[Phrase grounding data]

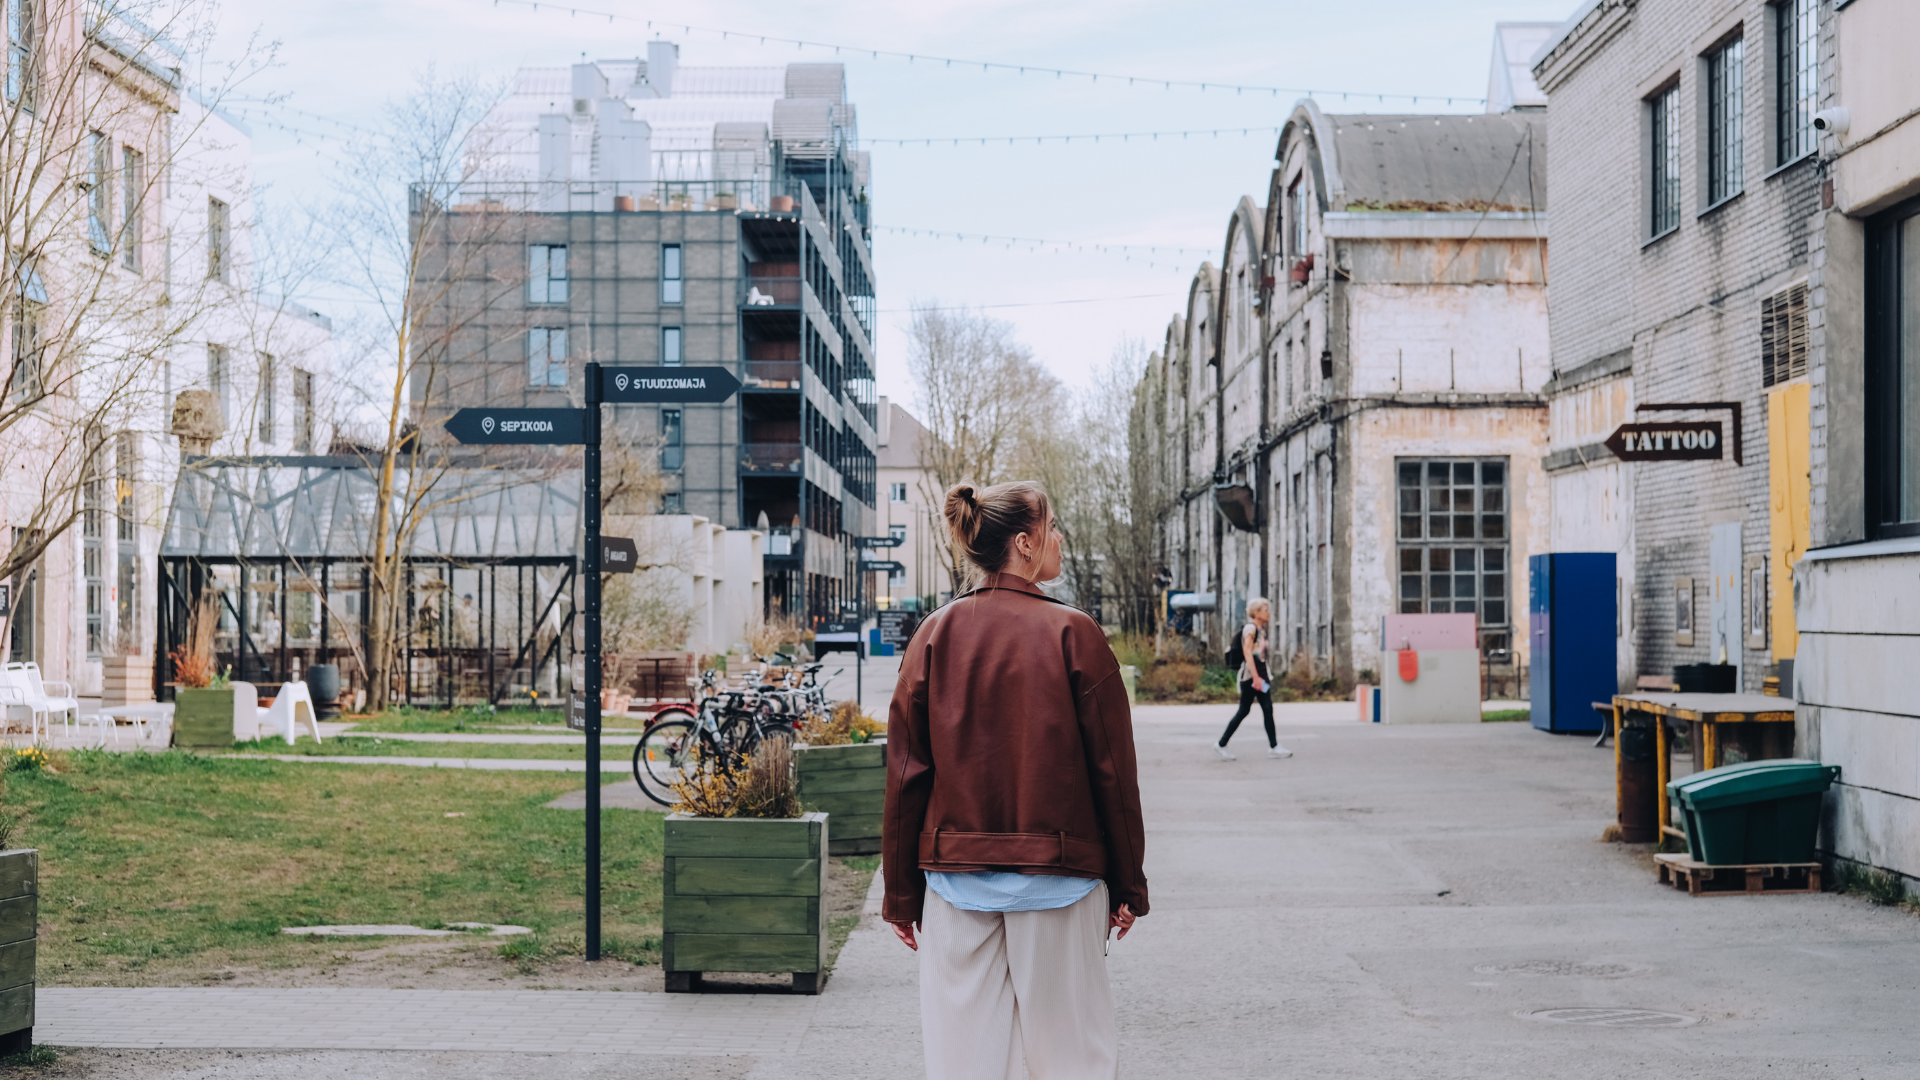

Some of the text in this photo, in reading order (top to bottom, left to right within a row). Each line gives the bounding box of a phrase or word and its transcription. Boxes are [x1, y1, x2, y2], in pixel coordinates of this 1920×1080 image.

[633, 377, 707, 390] STUUDIOMAJA
[500, 420, 554, 432] SEPIKODA
[1621, 429, 1717, 452] TATTOO
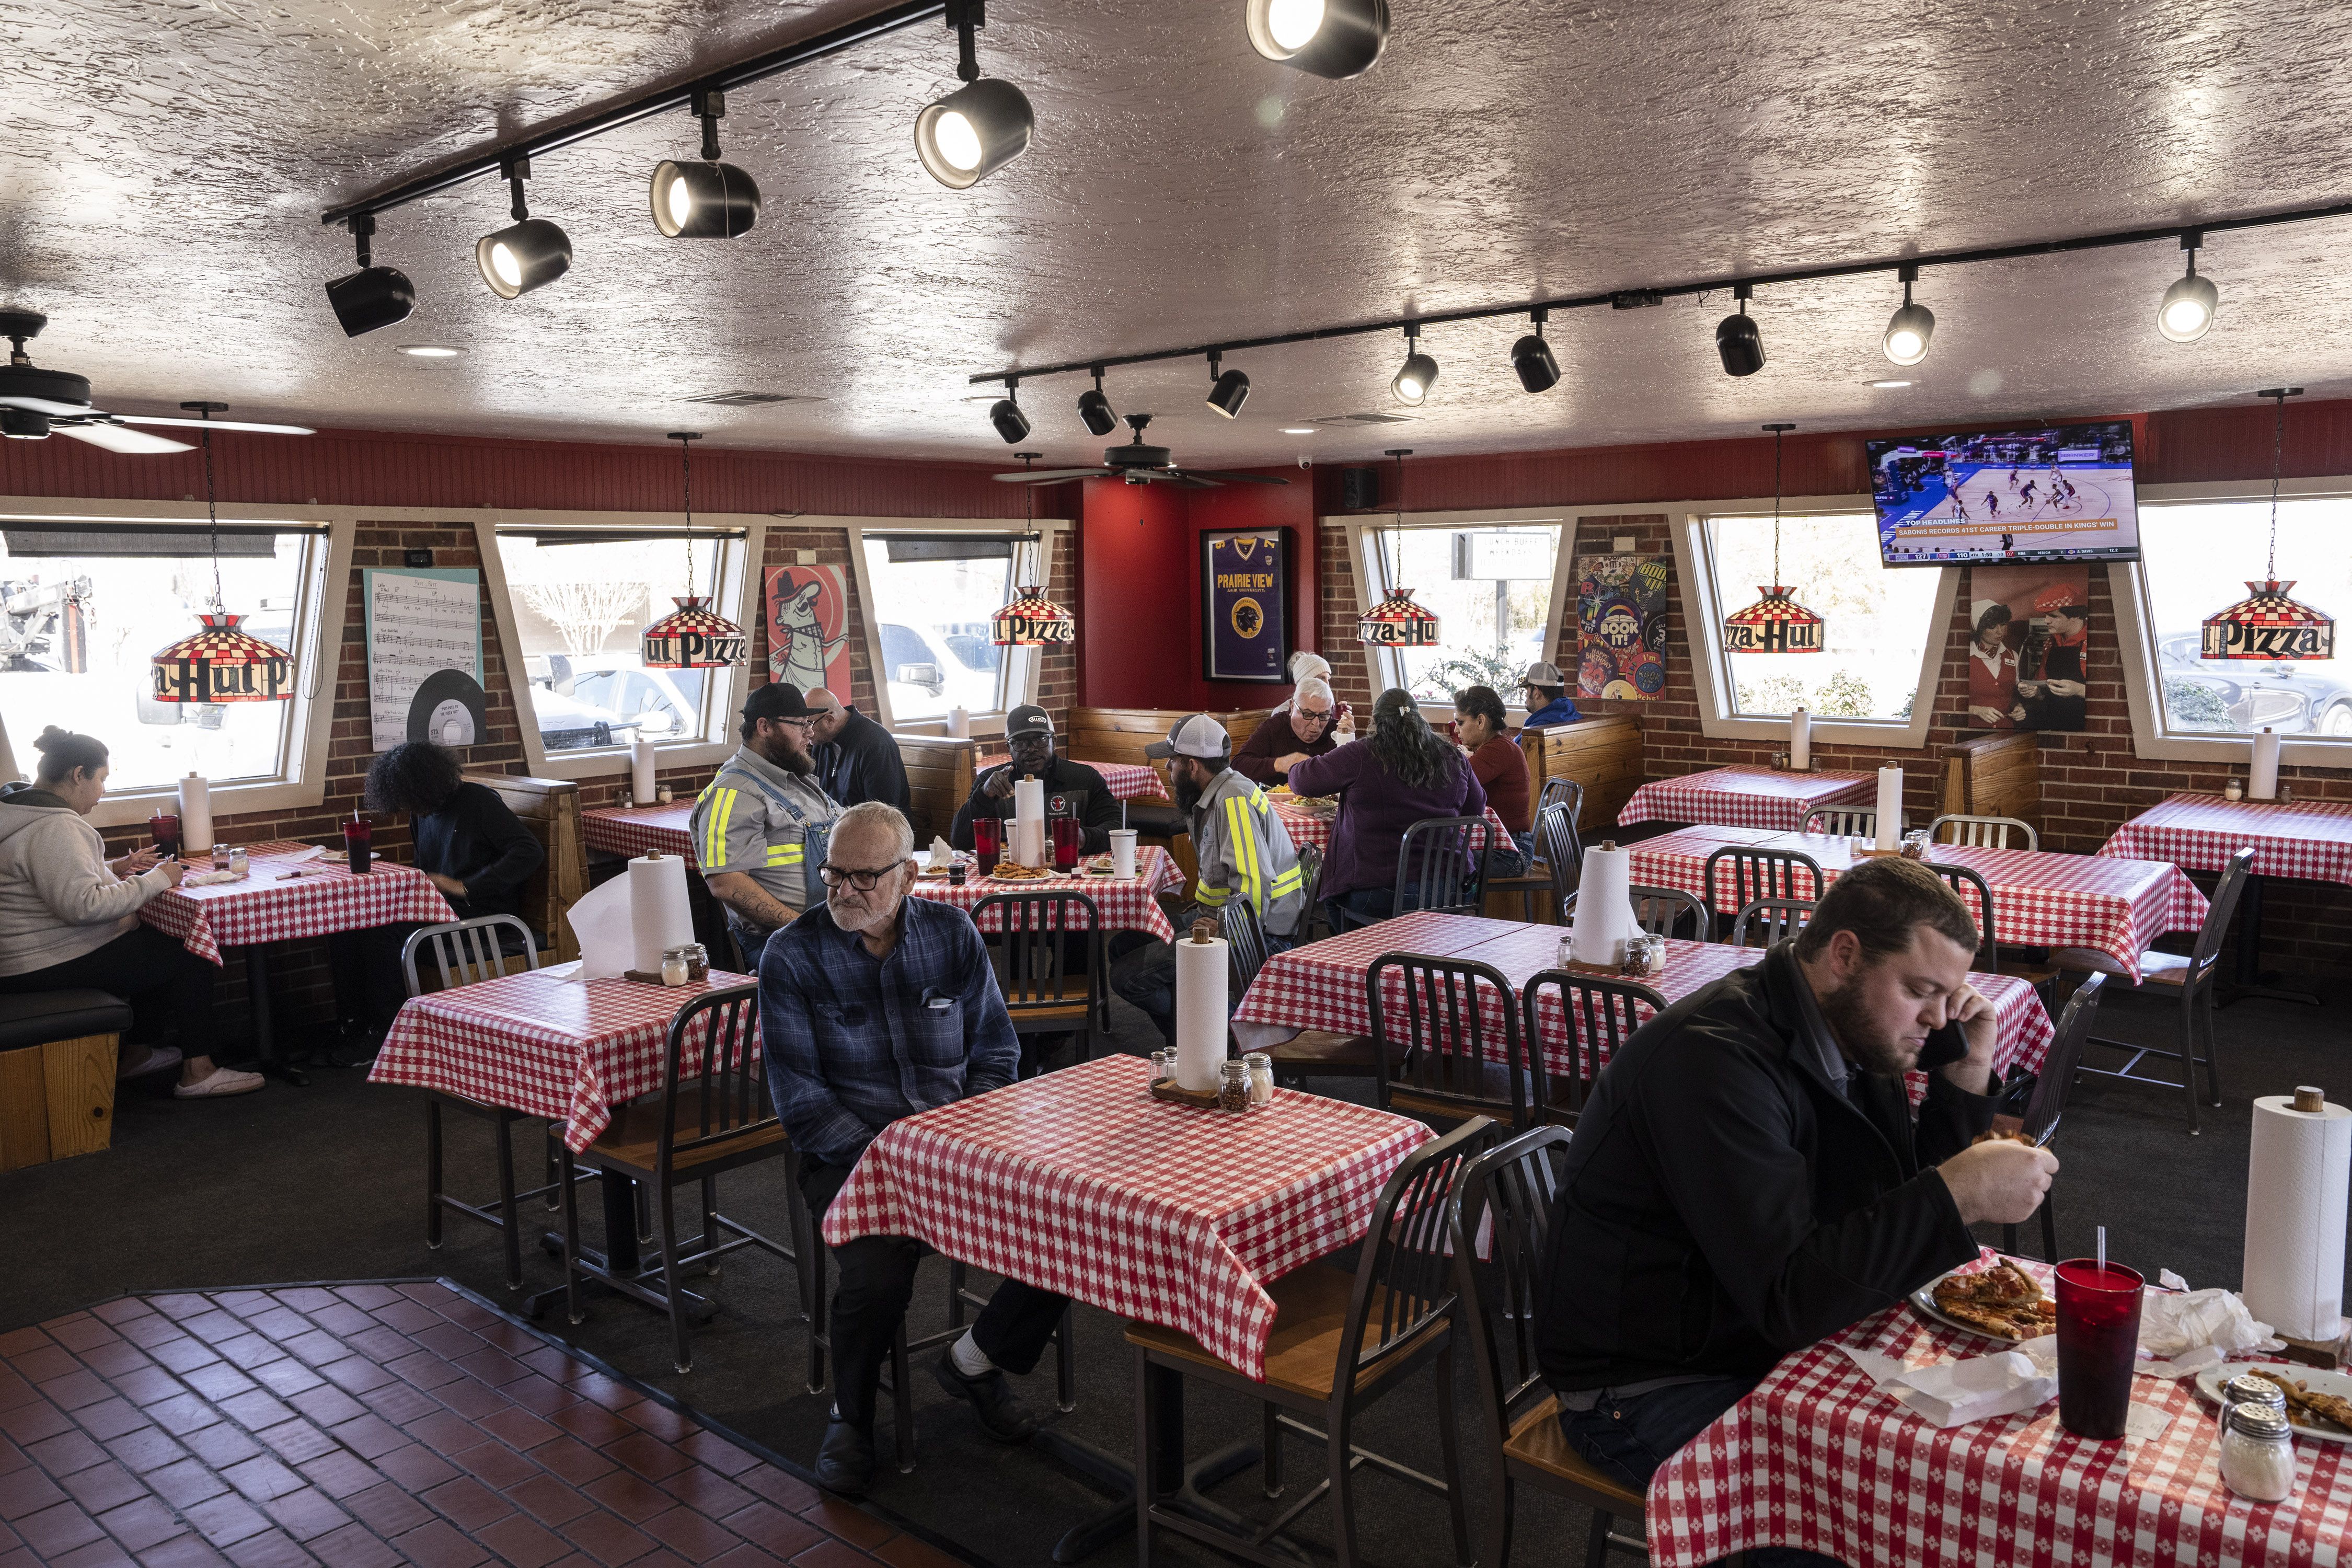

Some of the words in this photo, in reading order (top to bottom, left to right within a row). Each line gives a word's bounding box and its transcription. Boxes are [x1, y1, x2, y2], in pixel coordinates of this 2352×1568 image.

[1640, 563, 1666, 581] BOO
[1218, 573, 1251, 589] PRAIRIE
[1252, 573, 1273, 588] VIEW
[1646, 578, 1664, 591] IT!
[1009, 615, 1071, 645] Pizza
[1600, 622, 1639, 635] BOOK
[1655, 629, 1666, 642] 3
[647, 634, 671, 661] ut
[1611, 634, 1628, 645] IT!
[2220, 620, 2323, 659] Pizza
[1586, 652, 1613, 669] BIRTHDAY
[1592, 648, 1609, 659] HAPPY
[1582, 662, 1605, 684] 20

**Action item:** Transcribe each record exactly as it appears, but omit every picture.

**Response area:**
Some of the text in this photo, in reading order (top to bottom, left to right within a row). Each line gives the bounding box of a phrase or word and its transcription. Boxes are [x1, y1, x2, y2], in pixel coordinates of this 1920×1080 image.

[633, 377, 707, 390] STUUDIOMAJA
[500, 420, 554, 432] SEPIKODA
[1621, 429, 1717, 452] TATTOO

Some of the words in this photo, in reading order (top to bottom, left to right within a row). Each line gives a word's bounding box and its transcription. Boxes are [x1, y1, x2, y2], in pixel coordinates of this 2352×1568 image.

[1640, 563, 1666, 581] BOO
[1218, 573, 1251, 589] PRAIRIE
[1252, 573, 1273, 588] VIEW
[1646, 578, 1664, 591] IT!
[1009, 615, 1071, 645] Pizza
[1600, 622, 1639, 635] BOOK
[1655, 629, 1666, 642] 3
[647, 634, 671, 661] ut
[1611, 634, 1628, 645] IT!
[2220, 620, 2323, 659] Pizza
[1586, 652, 1613, 669] BIRTHDAY
[1592, 648, 1609, 659] HAPPY
[1582, 662, 1605, 684] 20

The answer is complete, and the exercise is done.